Kamis, 02 Januari 2014

CAMPUR TANGAN ALLAH DALAM KEHIDUPAN




CAMPUR TANGAN ALLAH DALAM KEHIDUPAN
YEREMIA 31:7-14; MAZMUR 147:12-20; EFESUS 1:3-14; YOHANES 1:1-18

Apakah Tuhan ada? Ada.
Kapan? Dahulu kala ketika dunia diciptakan.
Apakah itu berarti sekarang Tuhan tidak ada? Tidak ada.
Mengapa begitu? Setelah Tuhan menciptakan dunia, Dia meninggalkannya begitu saja seperti seorang tukang jam yang selesai membuat jam, dia tidak mengurusi jam itu lagi.
Lalu bagaimana keteraturan di dunia ini ada jika Tuhan tidak ikut campur tangan lagi dengan urusan dunia? Ketika Tuhan menciptakan dunia, Dia juga menciptakan hukum alam. Jadi dunia berjalan sesuai hukum alam. Jika manusia melanggar hukum alam, maka akan mengakibatkan kekacauan (chaos).

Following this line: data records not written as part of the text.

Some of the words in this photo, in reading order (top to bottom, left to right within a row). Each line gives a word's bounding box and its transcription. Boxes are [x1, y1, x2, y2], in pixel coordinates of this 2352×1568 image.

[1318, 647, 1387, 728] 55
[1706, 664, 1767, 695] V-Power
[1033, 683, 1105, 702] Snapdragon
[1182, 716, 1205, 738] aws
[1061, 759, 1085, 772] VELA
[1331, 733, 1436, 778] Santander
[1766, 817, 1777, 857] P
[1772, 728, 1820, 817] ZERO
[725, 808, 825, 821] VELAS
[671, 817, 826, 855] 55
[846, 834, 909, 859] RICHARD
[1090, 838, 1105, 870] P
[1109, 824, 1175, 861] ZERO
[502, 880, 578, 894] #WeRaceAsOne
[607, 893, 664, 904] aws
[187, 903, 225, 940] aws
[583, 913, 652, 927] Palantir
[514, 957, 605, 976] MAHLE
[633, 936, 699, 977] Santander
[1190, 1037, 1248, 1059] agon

Itulah secuplik pemahaman Deisme tentang keberadaan Tuhan dan keikutsertaan Tuhan dalam dunia. Deisme adalah paham yang mengatakan Tuhan hanya ada di masa lampau. Dia tidak ada di masa kini. Dia tidak ikut campur sama sekali dengan urusan dunia.

Pemahaman ini sangat bertolak belakang dengan iman kristiani. Iman kristiani meyakini Tuhan kita adalah Tuhan yang terlibat aktif dalam kehidupan umatNya. Yeremia 31:7-14 menceritakan bagaimana Allah terlibat aktif dalam kehidupan mereka. Allah mengumpulkan, membawa, memimpin, menjaga, mengubah, menghibur, menyukakan dan memuaskan sisa-sisa Israel. Yohanes 1:1-18 bahkan menceritakan bagaimana Allah hadir dalam rupa manusia di dunia manusia. Tidak hanya itu, Allah yang dalam rupa manusia itu pun mau mati demi  menebus dosa manusia (Efesus 1:7).

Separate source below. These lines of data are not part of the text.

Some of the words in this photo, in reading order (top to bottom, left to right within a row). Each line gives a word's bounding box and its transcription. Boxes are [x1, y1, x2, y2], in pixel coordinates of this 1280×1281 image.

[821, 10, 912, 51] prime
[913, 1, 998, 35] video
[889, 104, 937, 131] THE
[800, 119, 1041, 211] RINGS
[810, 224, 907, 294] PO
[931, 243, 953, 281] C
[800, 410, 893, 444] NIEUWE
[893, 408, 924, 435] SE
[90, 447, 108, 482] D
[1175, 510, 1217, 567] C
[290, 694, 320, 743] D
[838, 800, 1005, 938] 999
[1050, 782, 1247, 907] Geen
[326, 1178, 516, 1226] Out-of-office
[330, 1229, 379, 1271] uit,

Allah kita bukanlah seperti tukang jam yang setelah menyelesaikan pembuatan jamnya lalu meninggalkannya begitu saja. Allah kita seperti seorang Bapa dan Ibu yang sangat memperhatikan kehidupan dan pertumbuhan anak-anaknya. Dia selalu turut campur tangan dalam kehidupan kita. Satu tahun yang lalu Tuhan ikut campur tangan dalam kehidupan kita. Percayalah di tahun 2014 ini pun Tuhan pasti akan terus campur tangan. Dalam keadaan sesulit apapun, Tuhan pasti akan beserta kita. Dia tidak akan meninggalkan kita, sedetik pun.